KATANTT.COM--Sengketa Pulau Pasir antara Australia dan Indonesia merupakan masalah serius yang perlu disikapi semua pihak terutama oleh pemerintah pusat. Penangkapan sejumlah nelayan asal Pulau Rote menambah kian meruncing hubungan antara Australia dan Indonesia atas Pulau Pasir.

Demikian benang merah dari webinar yang mengangkat tema Sengketa Pulau Pasir yang diselenggakaran Milenial Indonesia melalui zoom meeting, Minggu (11/12/2022).
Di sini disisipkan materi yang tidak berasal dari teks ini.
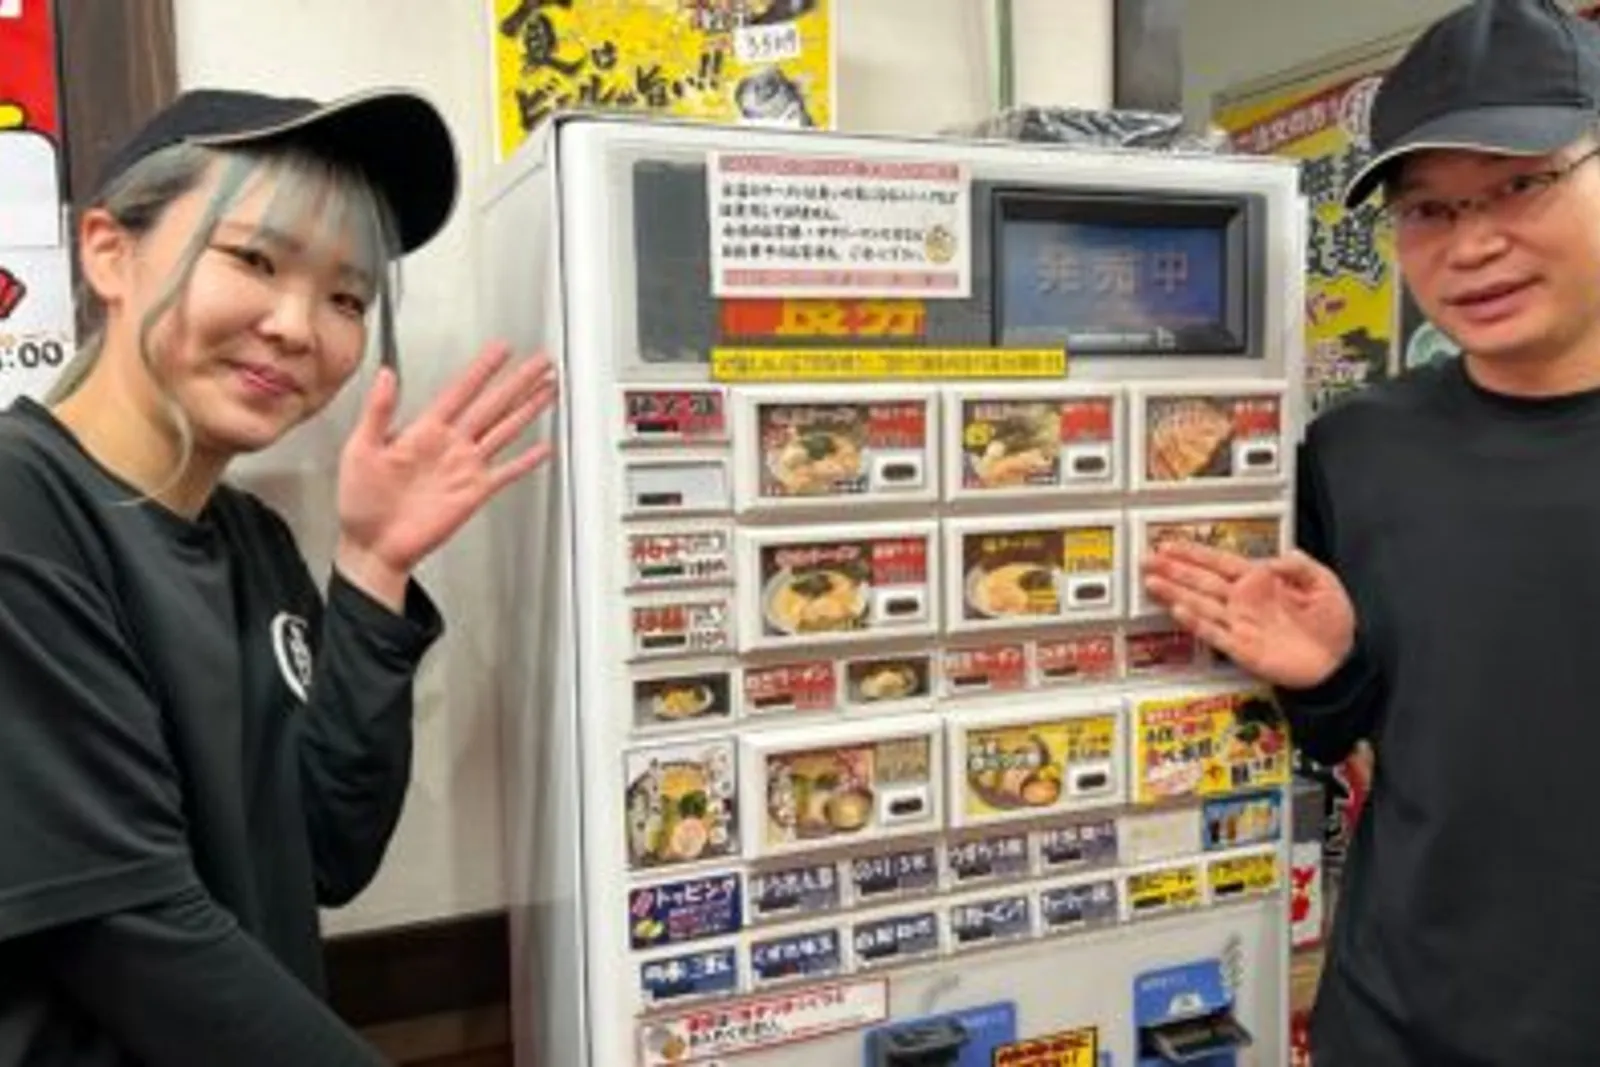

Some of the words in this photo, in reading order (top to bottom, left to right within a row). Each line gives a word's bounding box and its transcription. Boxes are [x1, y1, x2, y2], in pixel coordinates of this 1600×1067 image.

[657, 878, 735, 908] トッピング
Adapun narasumber pada webinar tersebut Ferdi Tanoni sebagai Ketua Yayasan Peduli Timor Barat (YPTB) dan
Pemegang Mandat Hak Ulayat Masyarakat Adat Laut Timor, Wawan H. Purwanto sebagai juru bicara BIN, Connie Rhakundini Bakrie, Akademisi dan Pengamat Pertahanan, dan Hanifa Sutrisna sebagai pengamat Ekonomi Politik.

Dalam pemaparannya Milenial Indonesia menyebut masalah sengketa Pulau Pasir antara Indonesia dan Australia ini adalah masalah yang sangat penting dan patut menjadi atensi berbagai pihak.
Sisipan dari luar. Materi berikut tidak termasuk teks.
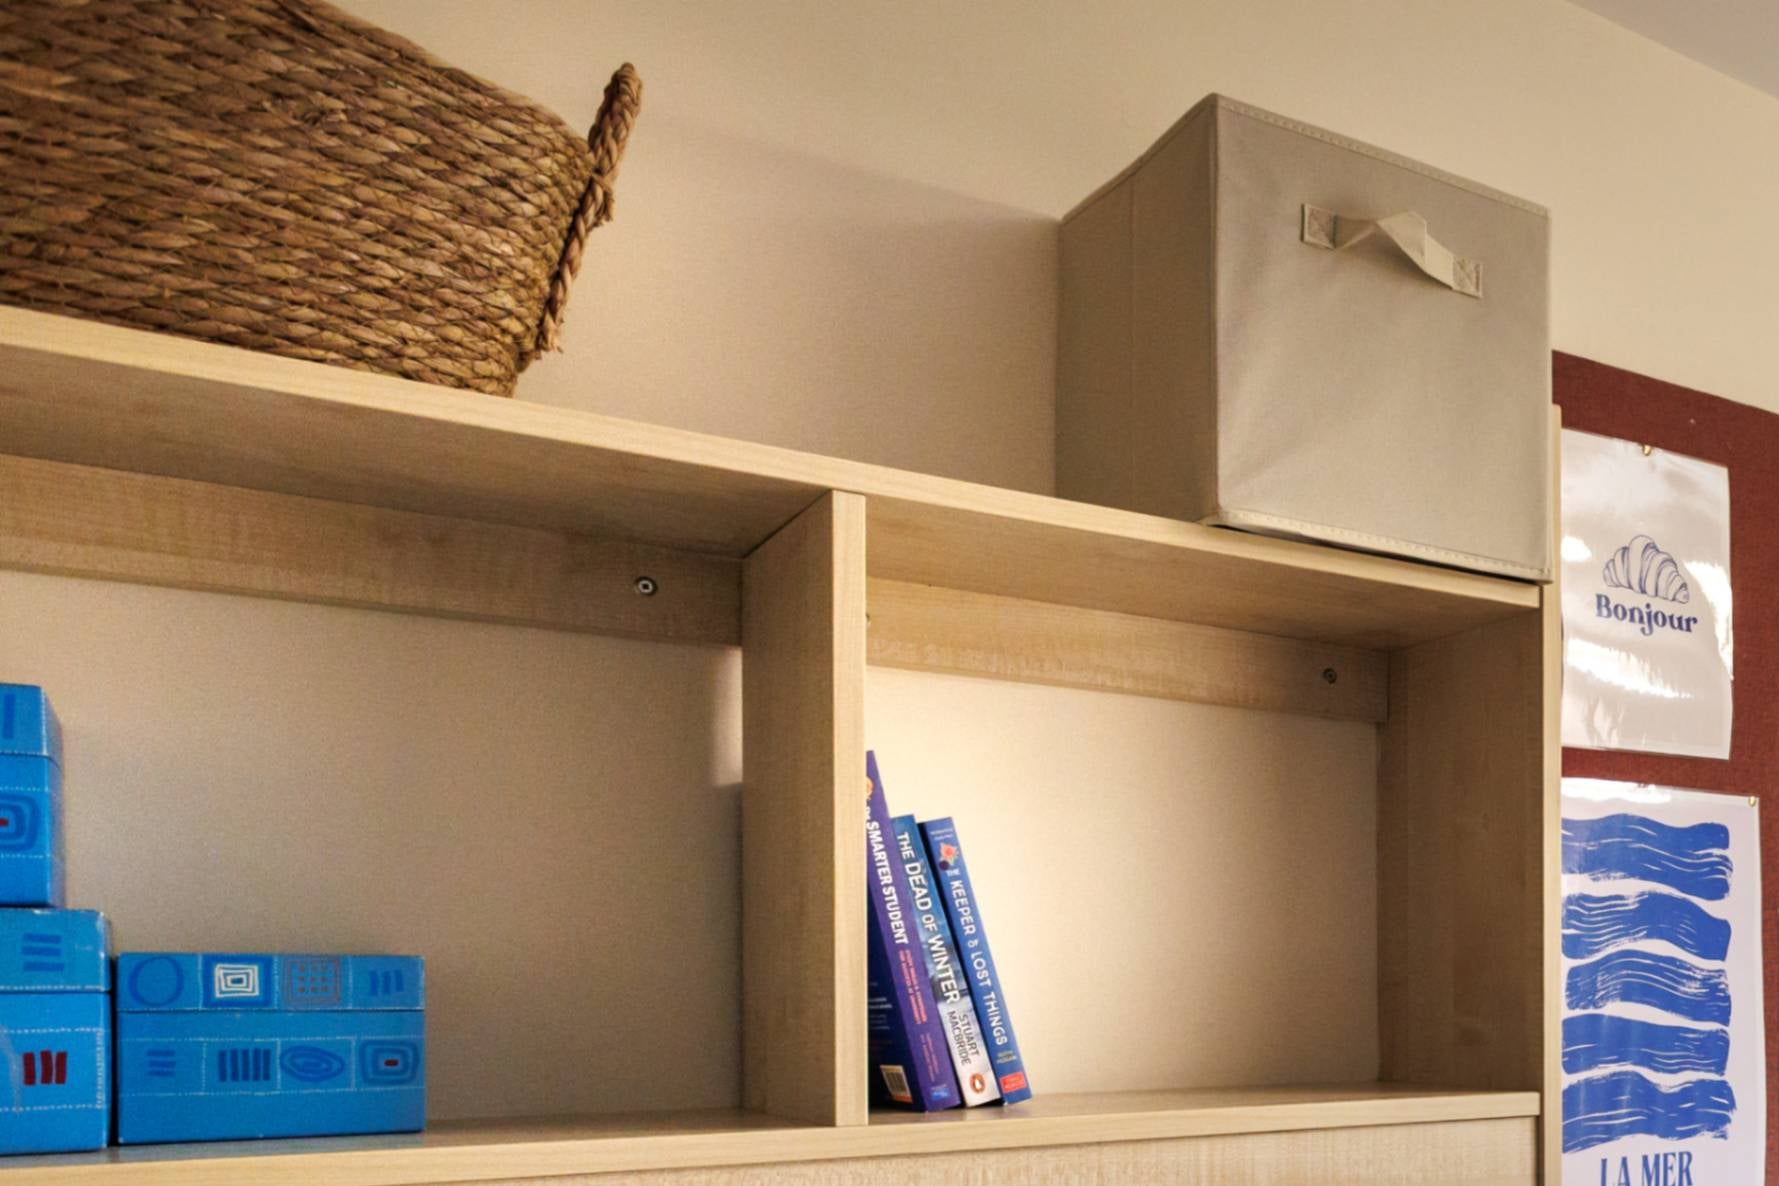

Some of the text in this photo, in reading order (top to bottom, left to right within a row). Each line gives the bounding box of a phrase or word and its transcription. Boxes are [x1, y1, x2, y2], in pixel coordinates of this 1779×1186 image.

[1595, 593, 1698, 636] Bonjour
[897, 832, 915, 859] THE
[866, 821, 909, 944] SMARTER STUDENT
[904, 862, 932, 911] DEAD
[922, 914, 938, 932] OF
[927, 934, 962, 1005] WINTER
[950, 879, 977, 936] KEEPER
[970, 951, 992, 988] LOST
[983, 991, 1008, 1046] THINGS
[948, 1010, 972, 1067] MACBRIDE
[958, 1013, 980, 1056] STUART
Pasalnya, akhir-akhir ini isu Pulau Pasir kembali ramai setelah adanya kejadian penangkapan banyak nelayan Nusa Tenggara Timur yang ditangkap dan kapalnya diledakan oleh Australia saat berlayar ke Pulau Pasir.

Belum lagi, pernyataan kontroversial dari Sandiaga Uno sebagai Menteri Parekraf, dan Retno, Menteri Luar negeri yang dinilai terburu-buru dalam memberikan statemen soal kepemilikan Pulau Pasir. Masalah Pulau Pasir ini tidak hanya sebagai masalah biasa, melainkan masalah pertahan dan keamanan negara.

Wawan H. Purwanto pada sesi pertama menjelaskan bahwa pada tahun 1950-an Pulau Pasir merupakan wilayah yang tidak dimiliki siapapun. Pulau tersebut pada awalnya seringkai dimanfaatkan untuk berburu paus, namun pada tahun 1970-an Pulau Pasir tersebut dianeksasi oleh Inggris dan diserahkan kepada Australia.

Padahal jelas Wawan Purwanto, pada nota kesepahaman Indonesia dengan Australi pada tahun 1974 bahwa Pulau Pasir masih berstatus sengketa atau belum dimiliki siapapun. Wawan H. Purwanto juga menilai bahwa perjuangan untuk klaim Indonesia atas Pulau Pasir tetap harus diperjuangkan.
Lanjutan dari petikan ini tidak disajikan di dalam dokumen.